Thales & Fortinet are hosting a Happy Hour on Thursday evening before the conference. Signup for a ticket here: https://www.eventbrite.com/e/bsides-conference-happy-hour-tickets-300819779057

We look forward to seeing you there!

---

Training Classes

---

Vendor and Contract Management for IT Management and Auditors taught by Jonathan Kimmitt (University of Tulsa) - 1-day training class on April 7 - $250

In this one-day session the class will cover the review process for contracts and service agreements. Students will learn how to perform a high-level review of contracts, and then do a deep dive as it relates to IT related items. This is a highly interactive discussion-based class. We will be reviewing contracts and building a checklist for understanding the contract terms. This class will help you provide valuable input to your General Counsel and contract managers, while helping your IT department protect your data and systems.

---

Red Team Fundamentals for Active Directory taught by Eric Kuehn (Secure Ideas) - 1-day training class on April 7 - $250

Focused on explaining the fundamentals of Active Directory and how different aspects can be exploited during penetration tests, this course covers different attacks and explains the details of why they work. We also explore how an environment can be made resilient to attacks or detect malicious activity. The course includes hands-on exercises exploring common misconfigurations which are commonly seen in Active Directory. We then exploit these issues to pivot and escalate our access, ultimately gaining full control of an AD Forest.

---

Threat Hunting Workshop with Cybereason taught by Larci Robertson (Cybereason)- 1/2 day training class on April 7 (Afternoon-only) - $20

Whether the process is called threat hunting, cyber hunting or cyber threat hunting, each term essentially means the same thing: security professionals look for threats that are already in their organization’s IT environment. This differs from penetration or pen testing, which looks for vulnerabilities that an attacker could use to get inside a network.

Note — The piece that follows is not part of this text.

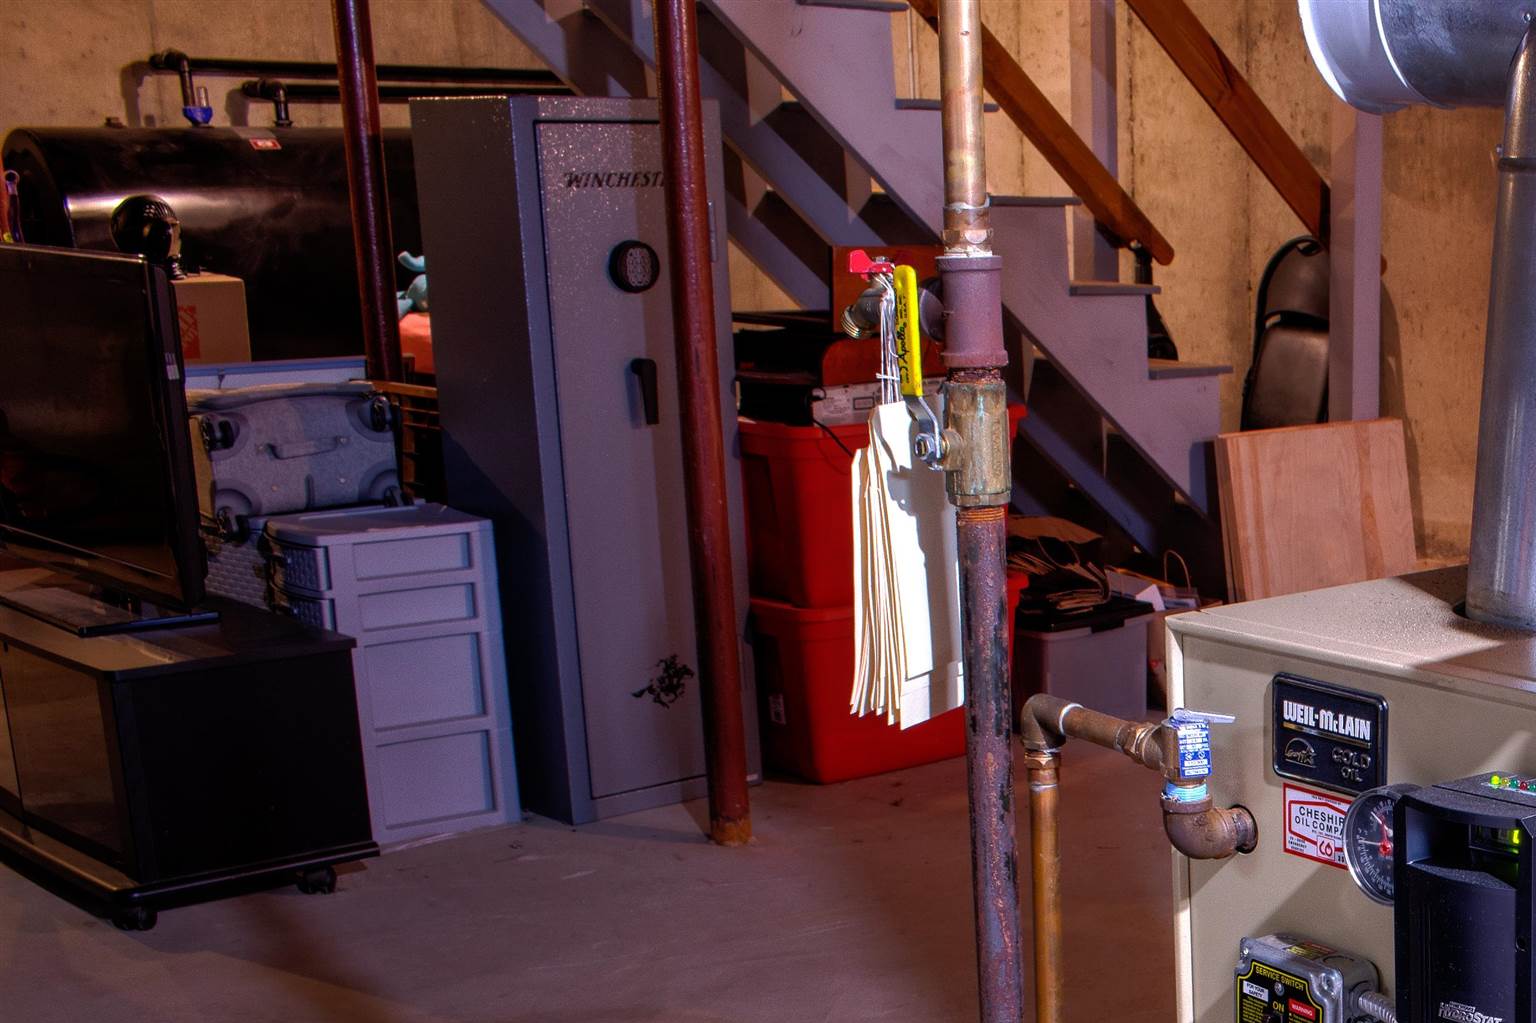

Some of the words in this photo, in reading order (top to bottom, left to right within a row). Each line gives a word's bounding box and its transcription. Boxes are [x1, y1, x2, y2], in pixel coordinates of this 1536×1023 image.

Threat hunting isn’t based on flashy technology that will become irrelevant in a few months. It’s a return to one of the basic tenets of information security: reviewing your IT environment for signs of malicious activity and operational deficiencies. With hunting, you can answer the question, “Am I under attack?”

Want to learn about how to create an effective hypothesis for a threat hunt? This workshop will guide you through How to Generate a Hypothesis for a Threat Hunt and provide use cases you can take home to your current organizations tools as well as get hands-on experience with the Cybereason platform.